Is Big Government A Mac?

Or a PC?

[Update in the afternoon]

Why we should want big government to be a PC:

You know I love the products, but Apple is a fascist company. I should know — I worked there. Even got personally cussed out by Steve Jobs (may his name be praised forever).

Apple products are based on centralized command-and-control. Apple makes the hardware, software, and — increasingly — many key applications (“everything inside the state, nothing outside the state”). The Apple faithful believe that the computing world dominated by Microsoft is bad (if not outright evil) and must be redeemed. If only everyone changed to their way of computing, we would reach computing nirvana. And society would be changed for the better, too. If only.

The analogy may be getting a little strained.

2 thoughts on “Is Big Government A Mac?”

  1. Definitely a PC with many departments acting like Windows Millenia.
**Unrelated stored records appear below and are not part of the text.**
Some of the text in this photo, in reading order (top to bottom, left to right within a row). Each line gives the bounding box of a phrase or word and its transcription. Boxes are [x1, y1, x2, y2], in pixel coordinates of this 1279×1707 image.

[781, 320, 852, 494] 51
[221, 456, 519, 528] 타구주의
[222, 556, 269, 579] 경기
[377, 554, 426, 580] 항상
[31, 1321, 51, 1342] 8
The best we can hope for is a stable release like XP, but even that is transitory.

    The MacGov’t in my mind would be the limited gov’t approach which Republicanism doesn’t seem to support anymore.

  2. Definitely a strained analogy. When I think of ‘PC’ style government, I think of a growing ever more intrusive bureaucracy sapping every more of our money, saying more and more what we can do. Sure there’s a non-government sector, but you’re expected to rely on microsoft, er. the government for your primary needs.

    By the way, I’m a Linux man. ‘Communist’ FUD aside, free software makes a better model of good government.

Comments are closed.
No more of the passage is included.